Top of DATASET RECORDS
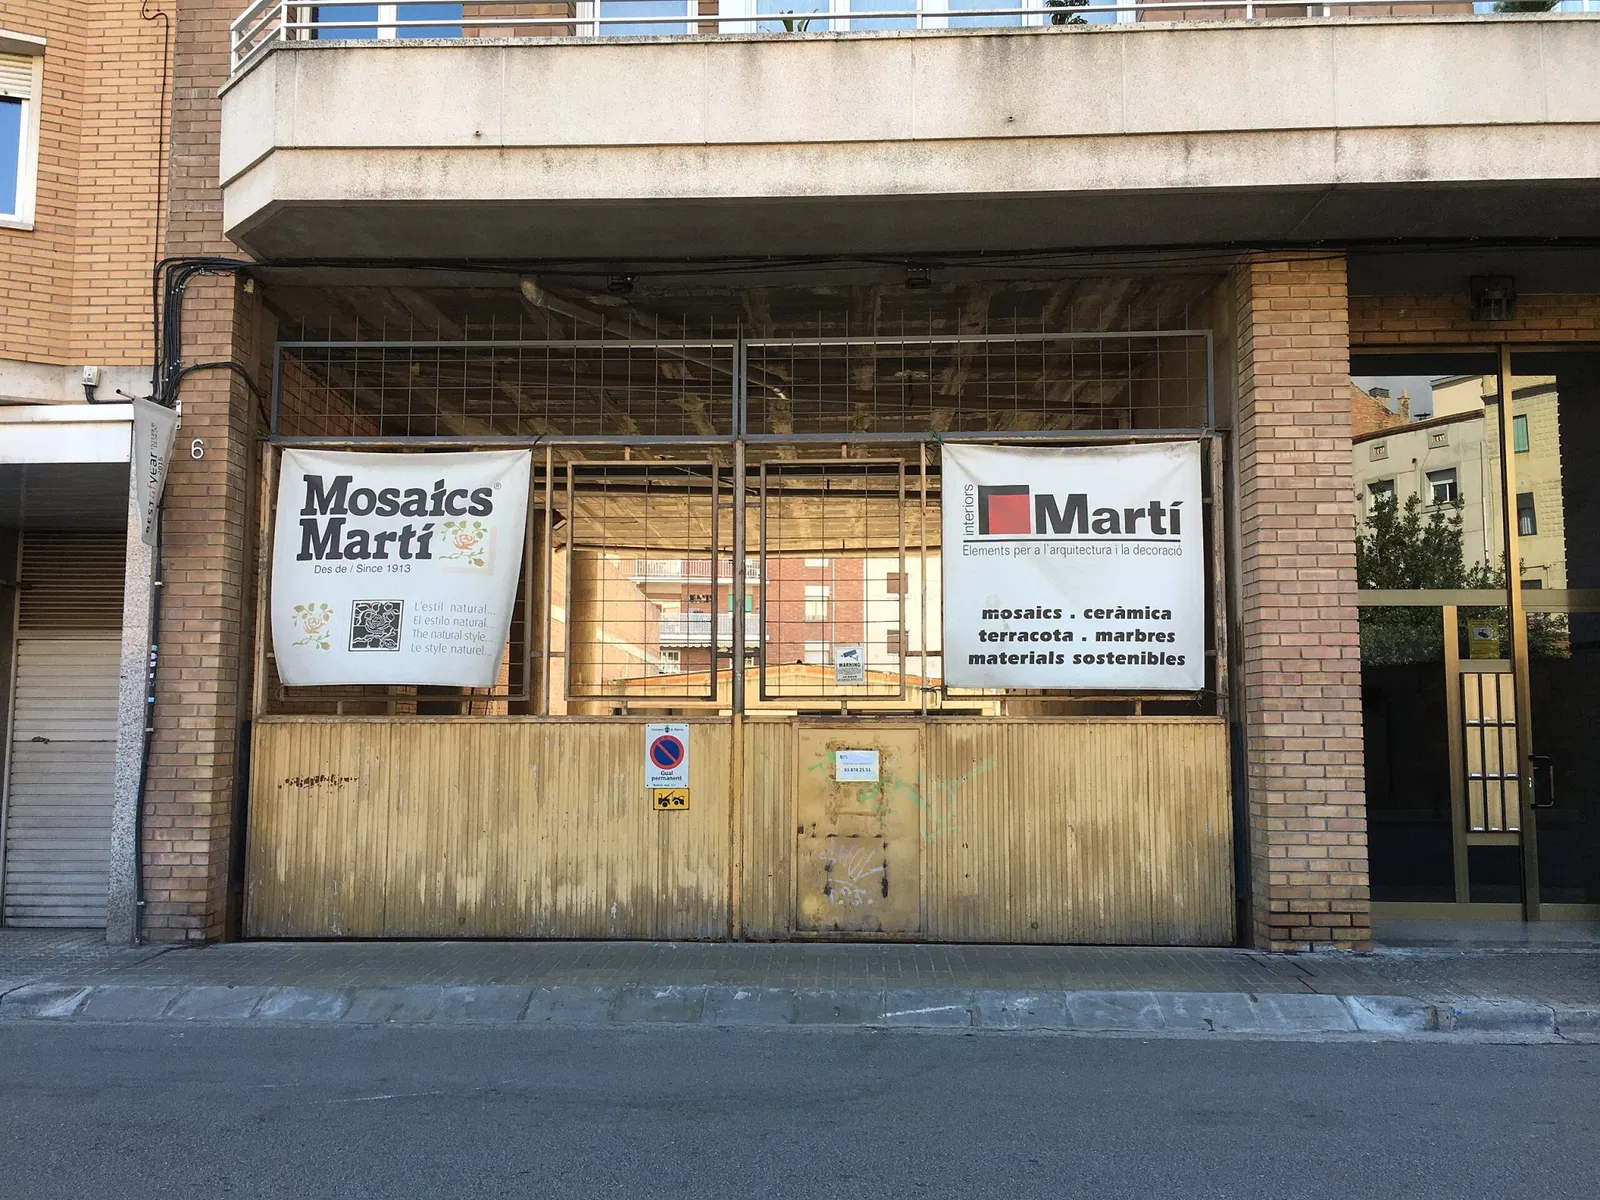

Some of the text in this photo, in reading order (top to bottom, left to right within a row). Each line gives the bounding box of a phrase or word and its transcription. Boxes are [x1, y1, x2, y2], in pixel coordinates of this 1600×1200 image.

[191, 439, 204, 459] 6
[300, 474, 493, 517] Mosaics
[963, 484, 974, 536] interiors
[1034, 493, 1184, 535] Martí
[296, 517, 435, 561] Martí
[963, 544, 1011, 556] Elements
[1014, 547, 1031, 558] per
[1034, 547, 1041, 556] a
[1043, 544, 1113, 558] l'arquitectura
[1121, 544, 1130, 556] la
[1133, 545, 1183, 556] decoració
[314, 564, 333, 574] Des
[335, 564, 347, 574] de
[356, 564, 383, 574] Since
[387, 564, 411, 574] 1913
[414, 601, 444, 612] L'estil
[982, 606, 1062, 620] mosaics
[1083, 606, 1172, 620] ceràmica
[413, 615, 421, 625] El
[424, 615, 450, 626] estilo
[412, 628, 429, 639] The
[430, 629, 462, 640] natural
[979, 629, 1074, 643] terracota
[1095, 629, 1176, 643] marbres
[411, 643, 421, 653] Le
[424, 643, 448, 655] style
[968, 651, 1186, 666] materials sostenibles
[651, 775, 683, 783] permanent
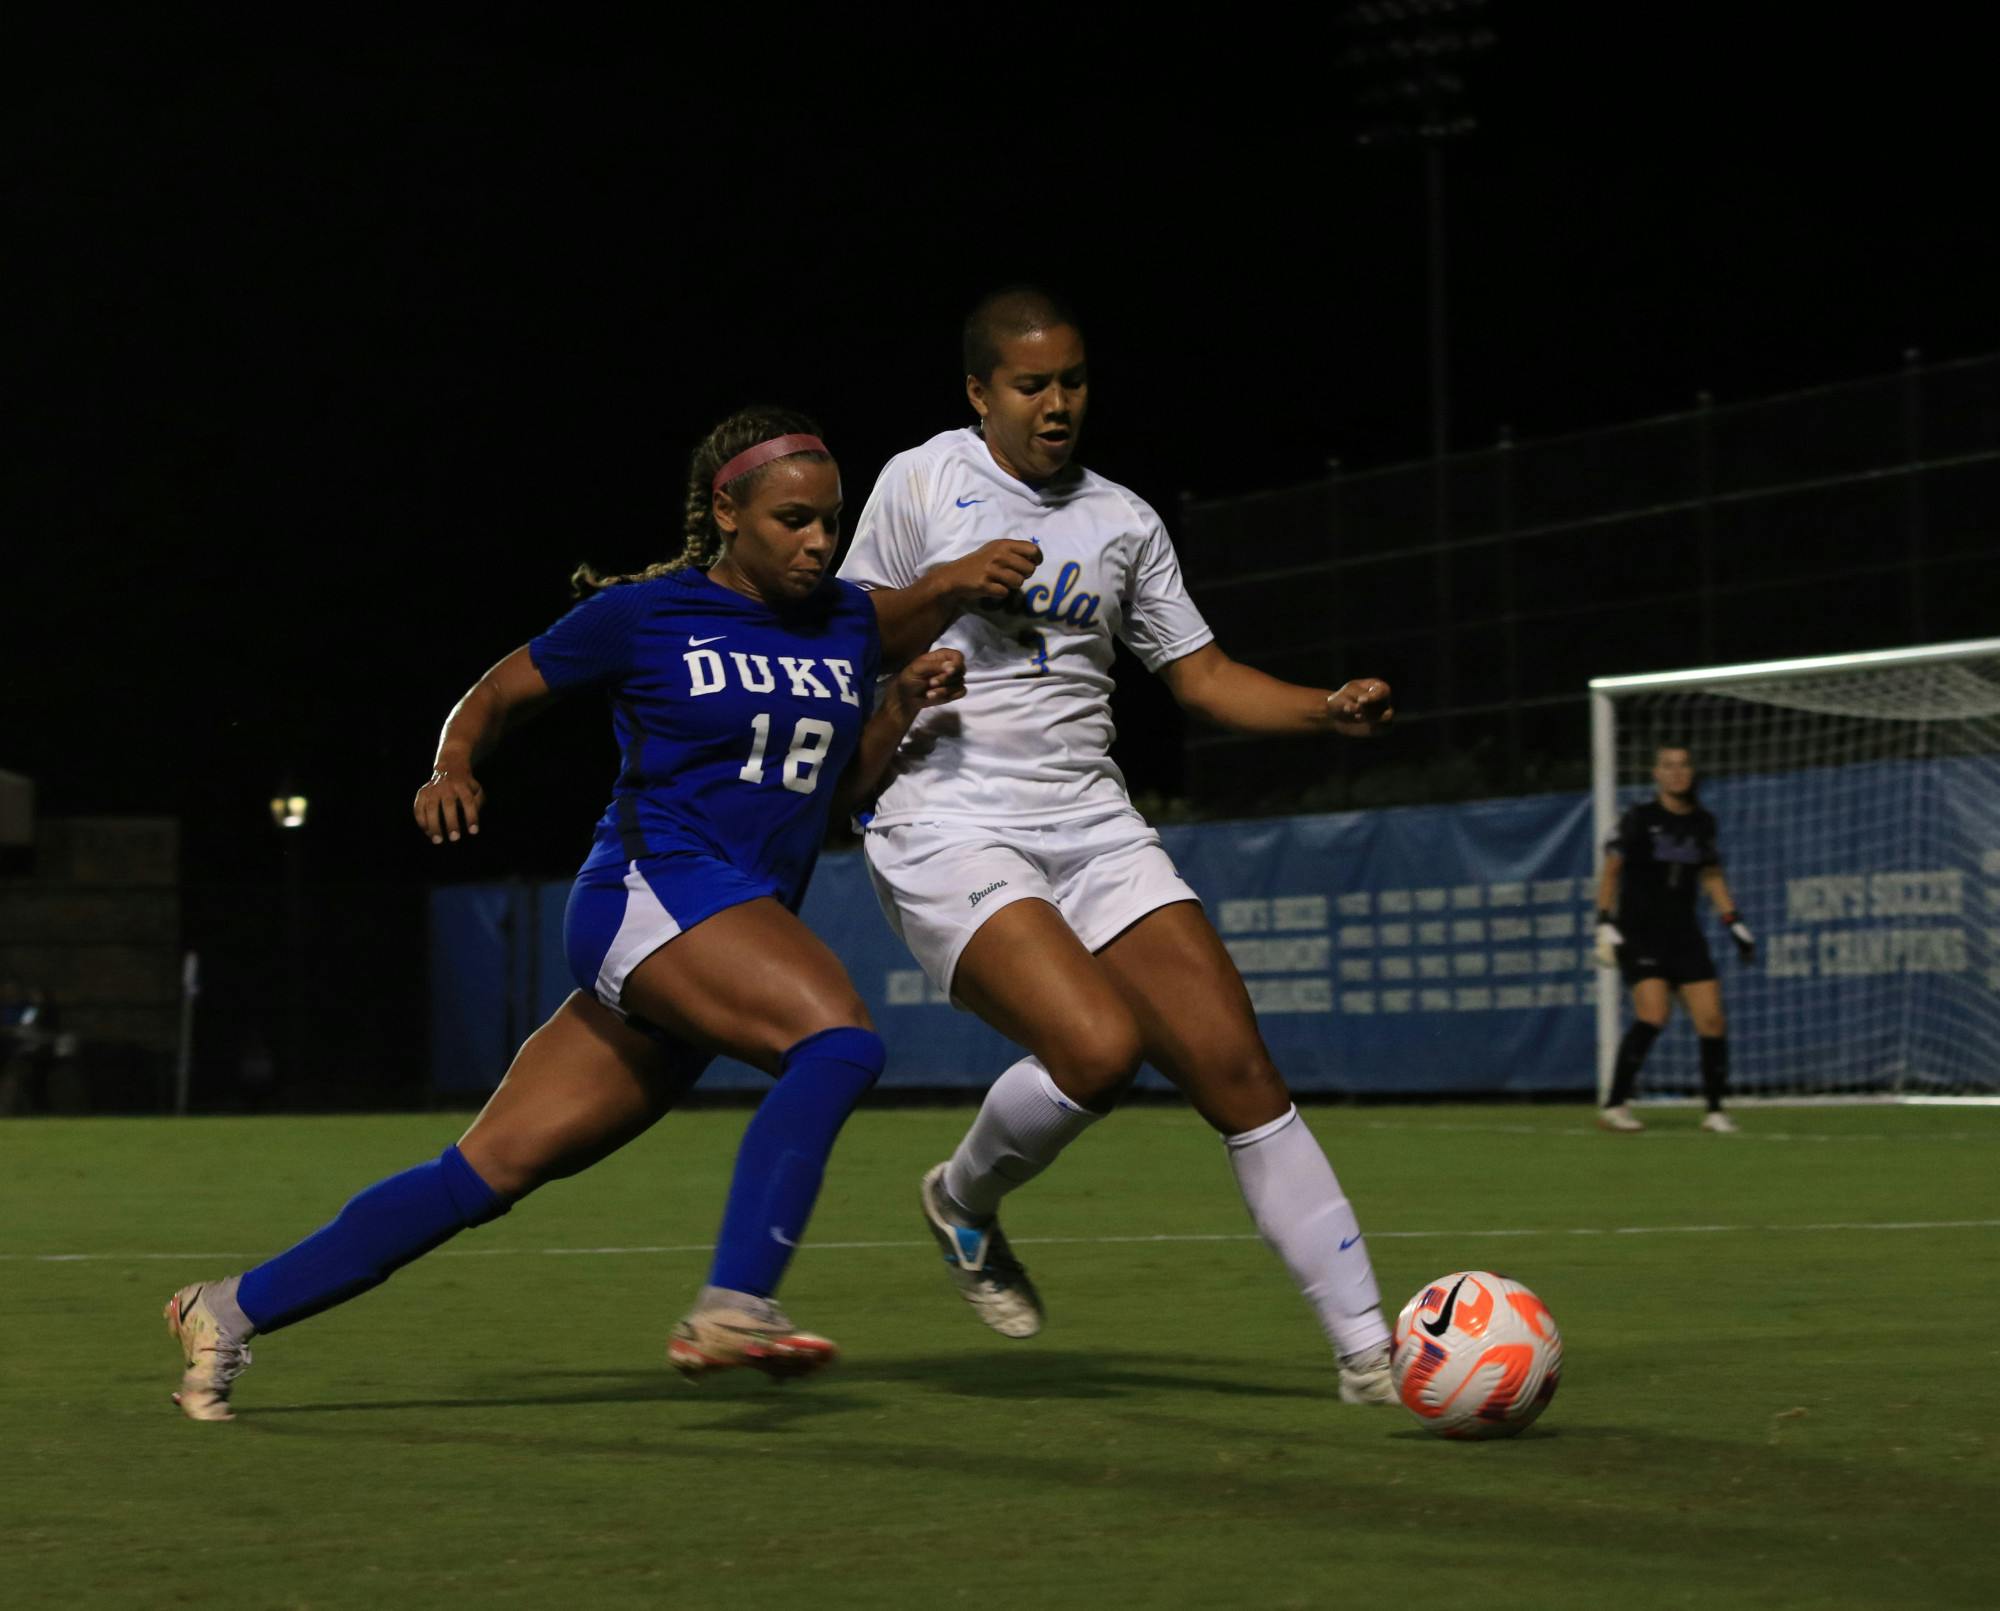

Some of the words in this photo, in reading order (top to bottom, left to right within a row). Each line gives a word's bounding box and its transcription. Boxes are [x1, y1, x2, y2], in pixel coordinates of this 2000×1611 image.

[682, 649, 860, 708] DUKE
[738, 713, 835, 794] 18
[968, 880, 1008, 908] Bruins
Bottom of DATASET RECORDS
WHAT TO PRODUCE
Write out the entries again word for word. Do not include the pictures.

EXERCISE SOLUTION
Some of the text in this photo, in reading order (top to bottom, left to right within a row). Each line gives the bounding box of a phrase or word and its transcription. Boxes are [x1, y1, x2, y2], in pixel coordinates of this 1600×1200 image.

[191, 439, 204, 459] 6
[300, 474, 493, 517] Mosaics
[963, 484, 974, 536] interiors
[1034, 493, 1184, 535] Martí
[296, 517, 435, 561] Martí
[963, 544, 1011, 556] Elements
[1014, 547, 1031, 558] per
[1034, 547, 1041, 556] a
[1043, 544, 1113, 558] l'arquitectura
[1121, 544, 1130, 556] la
[1133, 545, 1183, 556] decoració
[314, 564, 333, 574] Des
[335, 564, 347, 574] de
[356, 564, 383, 574] Since
[387, 564, 411, 574] 1913
[414, 601, 444, 612] L'estil
[982, 606, 1062, 620] mosaics
[1083, 606, 1172, 620] ceràmica
[413, 615, 421, 625] El
[424, 615, 450, 626] estilo
[412, 628, 429, 639] The
[430, 629, 462, 640] natural
[979, 629, 1074, 643] terracota
[1095, 629, 1176, 643] marbres
[411, 643, 421, 653] Le
[424, 643, 448, 655] style
[968, 651, 1186, 666] materials sostenibles
[651, 775, 683, 783] permanent

Some of the words in this photo, in reading order (top to bottom, left to right within a row). Each line gives a word's bounding box and its transcription. Boxes are [x1, y1, x2, y2], in pixel coordinates of this 2000×1611 image.

[682, 649, 860, 708] DUKE
[738, 713, 835, 794] 18
[968, 880, 1008, 908] Bruins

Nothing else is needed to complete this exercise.